Past the lower green, the Fjordway cut through
the new center of Edgewatch, an ancient road that ran from the central Morg
cities in the west to the rugged port towns nestled among the fjord-riddled
coasts to the east. Shops lined the road, along with the
Forest’s Respite
,
the town’s inn and stables. Beyond the inn was the spire-topped roof of the
schoolhouse. Tyrissa was glad to be done with
that
place. Beyond that
stood yet more rows of homes, some still skeletal frames in the midst of
construction with stacks of recently felled and cut lumber beside them.
Edgewatch had become the primary waypoint for traders traveling the Fjordway
after the Cleanse. Most of the other villages along the trade road were gone,
with little left but bad memories haunting the burnt and rotted husks of
abandoned homes.

Her eyes followed the road eastward until it
vanished among the trees. Tyrissa had only read about the fjordland, never seen
it for herself. At this point, her imagined view of staggering cliffs and
countless secret inlets probably outdid the real thing, the fantastic
landscapes of her adventure stories coloring her view of reality.
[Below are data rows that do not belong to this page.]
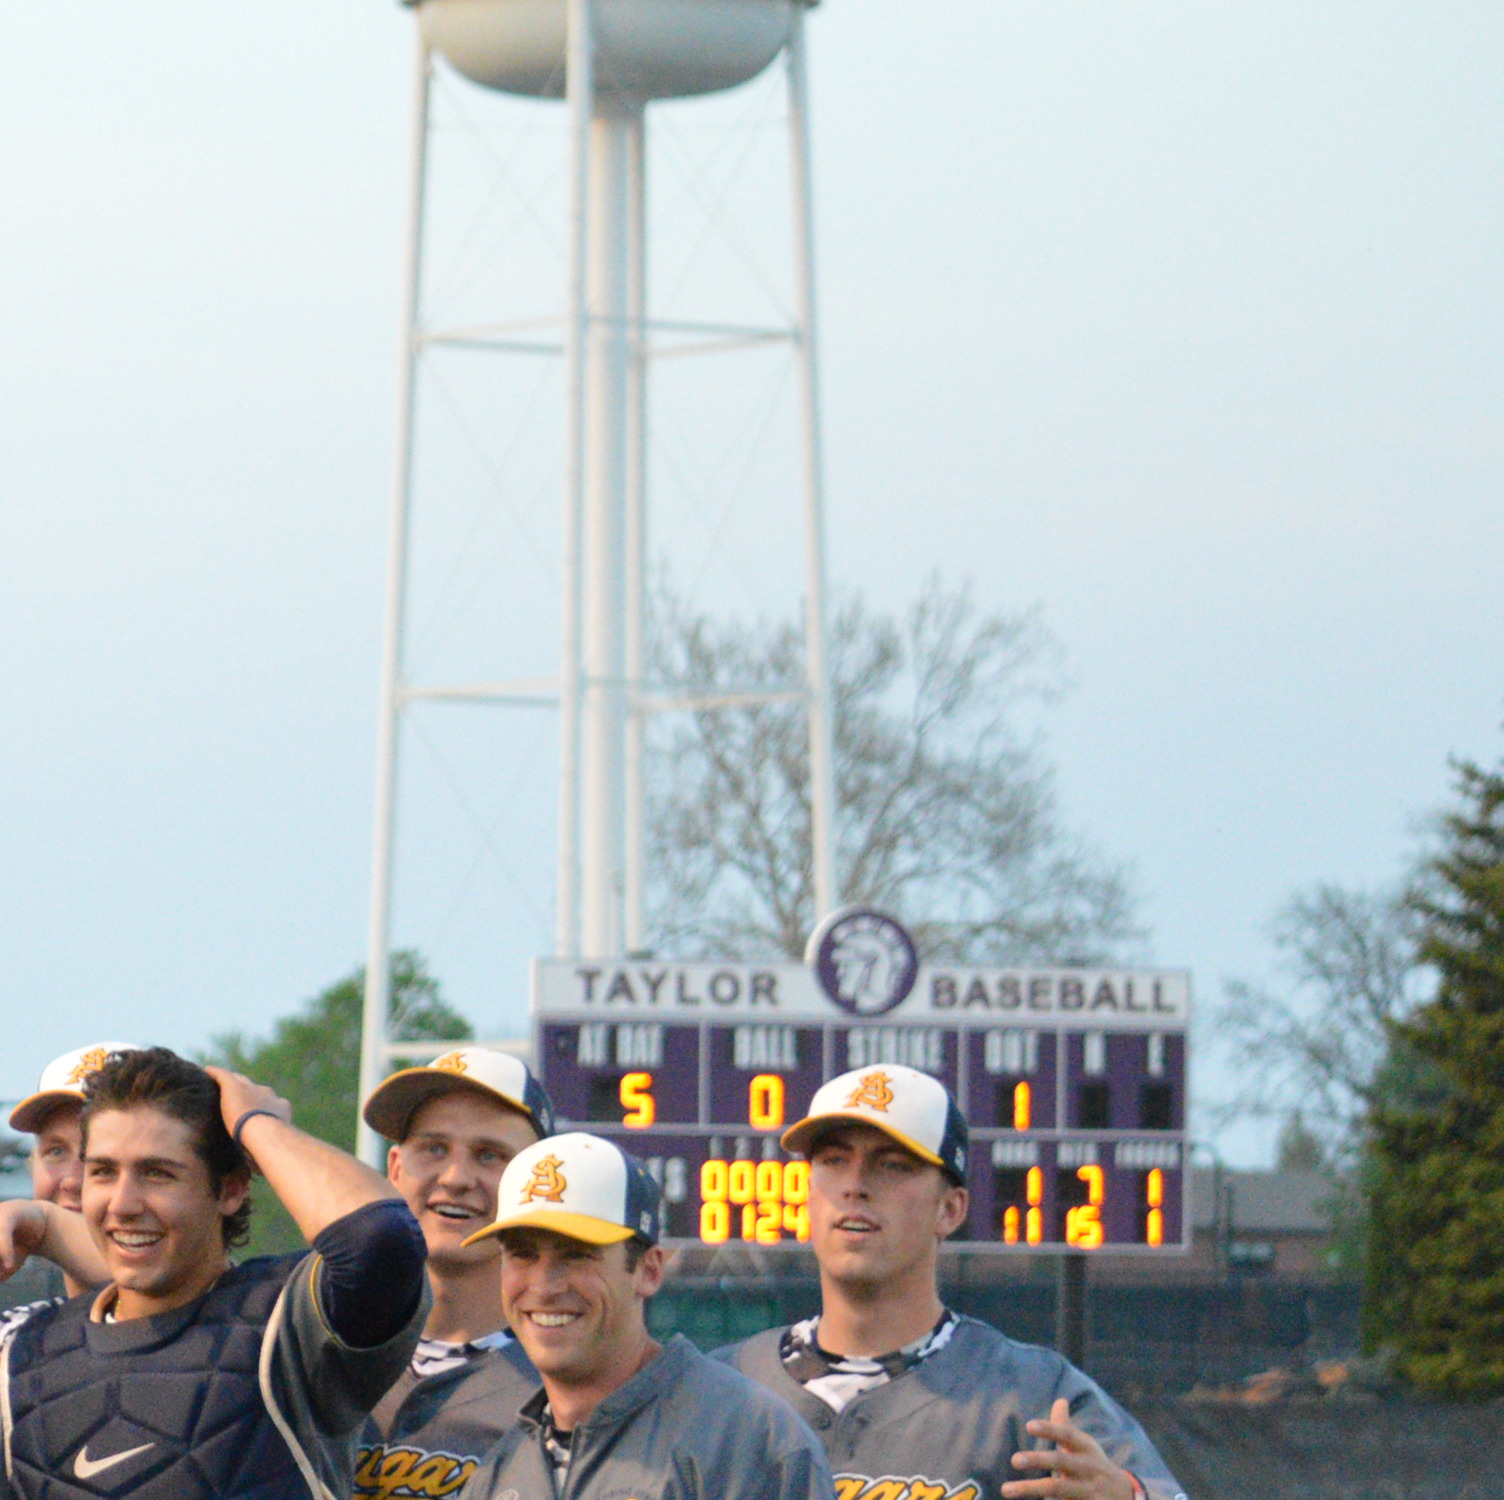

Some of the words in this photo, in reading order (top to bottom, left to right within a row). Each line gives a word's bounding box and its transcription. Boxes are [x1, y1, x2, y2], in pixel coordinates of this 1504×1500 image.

[576, 968, 779, 1006] TAYLOR
[930, 976, 1177, 1014] BASEBALL
[619, 1072, 656, 1130] 5
[749, 1074, 785, 1131] 0
[1013, 1081, 1031, 1132] 1
[1026, 1166, 1042, 1206] 1
[1077, 1165, 1104, 1206] 7
[1147, 1167, 1163, 1208] 1
[1147, 1207, 1162, 1248] 1
Still,
wanderlust itched at the back of her mind. Whether the Morgwood at her back or
the fjords up that road, she wanted so much to just be
away
. Direction
mattered little.

A large, cream colored horse with puffs of snowy
white hair around its hoofs lumbered to a stop behind one of the shops lining
the road. It pulled a narrow red wagon with a tall man seated on the driver’s
bench. He was dressed in out-of-place dark colors with a close cropped crown of
blonde hair that matched Tyrissa’s.

Her book tumbled to the grass as Tyrissa sprang
to her feet and broke into a sprint down the hillside. She cut through the ball
game, a brief addition to the chaos, shouts sounding in her wake. By the time
she weaved through the houses and reached the wagon, Liran was already haggling
with Jorill, a pudgy shopkeeper nearing sixty with only scattered strands of
hair above his ears and a gray tangle hanging from his chin. Tyrissa waited,
catching her breath and allowing Liran to finish his business. Her brother wore
a loose but handsome coat of black and blue, the colors of his merchant guild.
On the back, sewn between his shoulders, was a circular patch of concentric
circles in the same company colors with a silver coin at the center. ‘Khalan
North Trade Company’ was stitched around the outermost ring of the company crest.
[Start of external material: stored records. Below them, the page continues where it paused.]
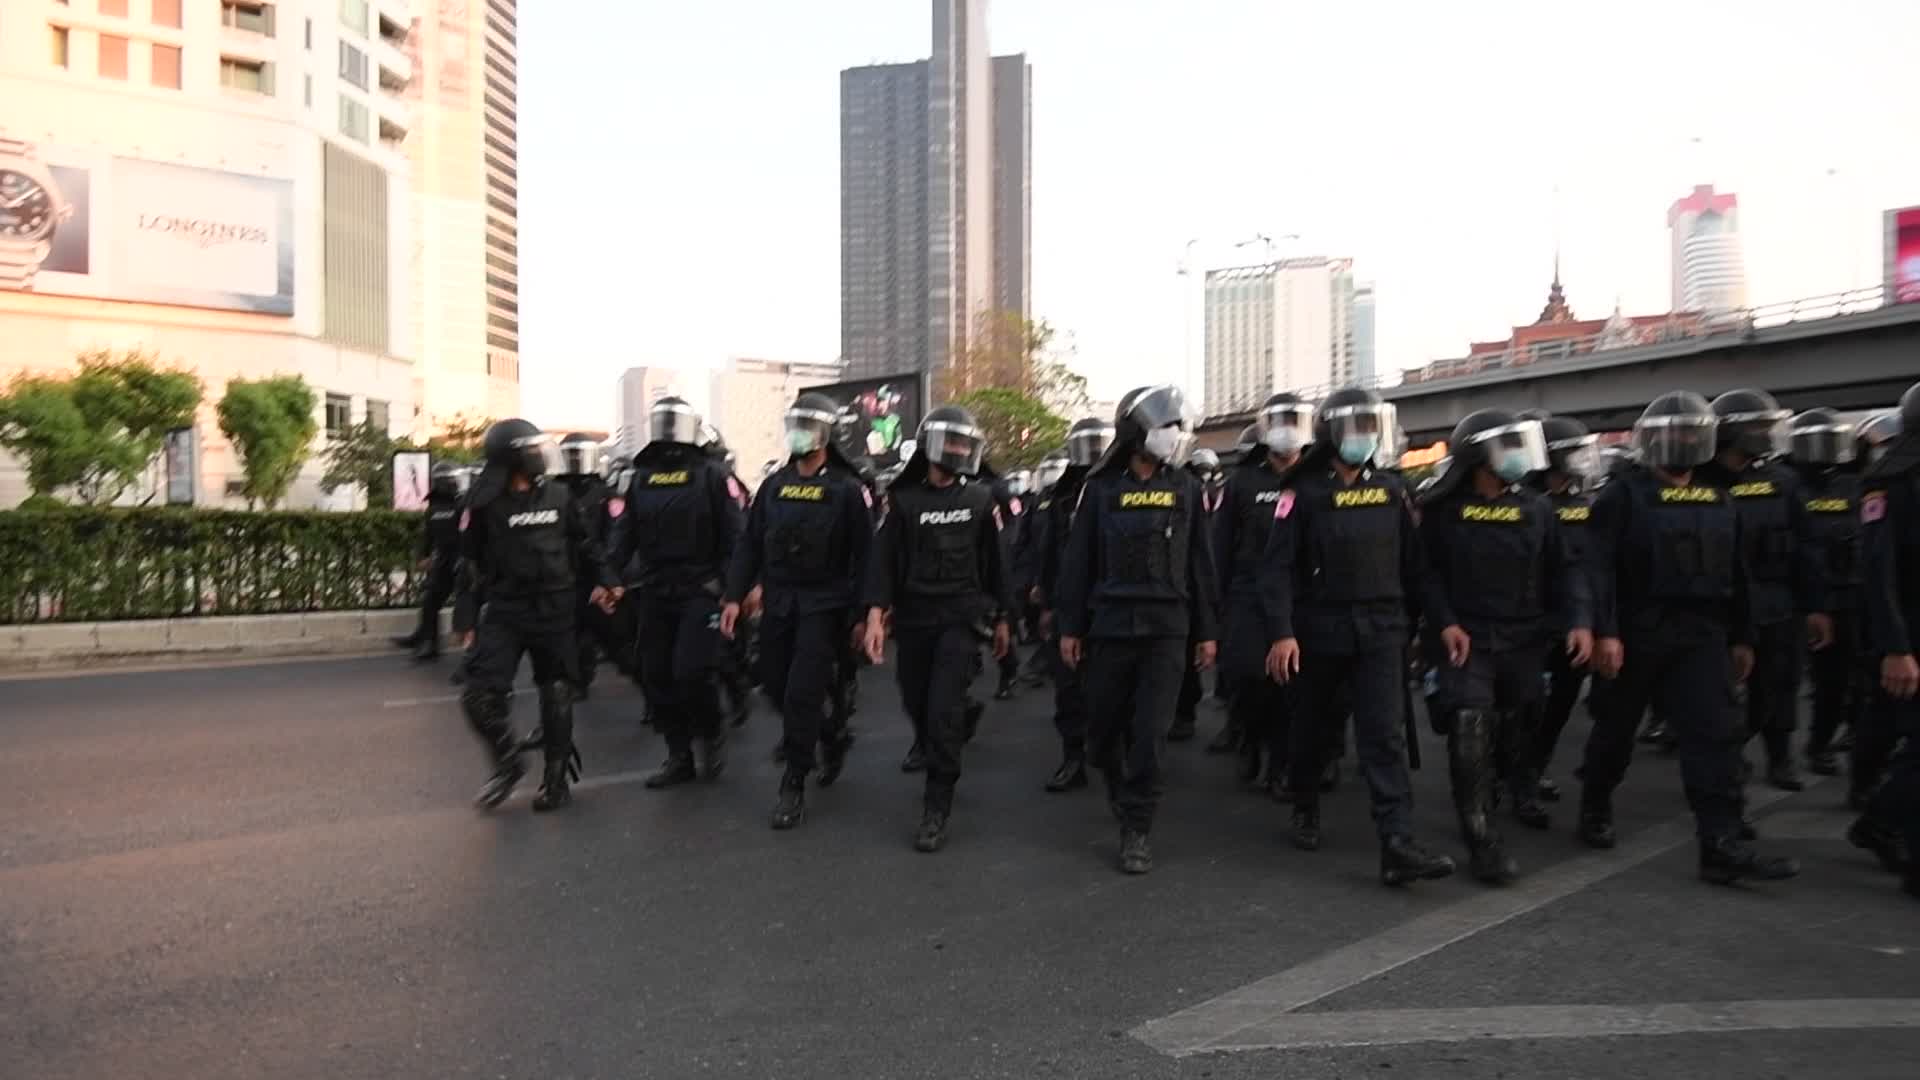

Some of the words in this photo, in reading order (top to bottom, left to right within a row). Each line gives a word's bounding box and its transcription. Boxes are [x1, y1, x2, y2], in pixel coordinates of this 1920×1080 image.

[649, 471, 688, 485] POLICE
[779, 486, 823, 500] POLICE
[1121, 492, 1173, 506] POLICE
[1335, 489, 1387, 506] POLICE
[508, 510, 558, 527] POLICE
[920, 509, 971, 524] POLICE
[1463, 505, 1520, 520] POLICE
“Eleven chiefmarks, boy,” Jorill said. “We
already get supplied with herbs once a week from Greden. Don’t think you can
get a little extra because you used to live here when you were a lad, snatching
candies when you thought me or the wife weren’t looking.”
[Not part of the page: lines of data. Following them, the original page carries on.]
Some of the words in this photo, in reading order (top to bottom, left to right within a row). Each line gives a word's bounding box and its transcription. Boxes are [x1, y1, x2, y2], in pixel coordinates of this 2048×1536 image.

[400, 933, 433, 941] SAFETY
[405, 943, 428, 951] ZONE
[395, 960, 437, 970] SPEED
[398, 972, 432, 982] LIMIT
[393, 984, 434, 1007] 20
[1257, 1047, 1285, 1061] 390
“I wouldn’t dare think of it Jorill! But I don’t
think you have spices from the Khalanheim markets. Ever had
rajspice
?”
Liran removed the stopper from a small jar of reddish-brown powder. Jorill
leaned in for a sniff and came away looking thoughtful.

“This traveled some two thousand miles to get
here. Khalanheim’s markets contain pieces of the entire world, and I’m bringing
a piece of the world to you. It’s not just rare, it’s unique. I’d say that’s
worth a ‘little extra’. It’s still a discount from what you’d pay to someone
from the capital for anything like this. I’ll even knock a few off the price as…
delayed payment for those candies. Fifteen chiefmarks.”

Liran spoke faster than she remembered, some of
his words seasoned with an unfamiliar accent. He had been gone for almost two
years now, leaving for the city of Khalanheim to further his career with the
Khalan North Trade Company. That was on top of the years he spent bouncing
around Morgale’s cities, working with the local branches of the company and
visiting Edgewatch once a season at best. To Tyrissa the cities of the south
sparkled in her imagination like diamonds just over the horizon. Khalanheim and
Gardula, Imperial Rhonia and Tillmoore. Liran got to see them first hand and she
couldn’t help but feel a small surge of jealousy whenever she thought on it.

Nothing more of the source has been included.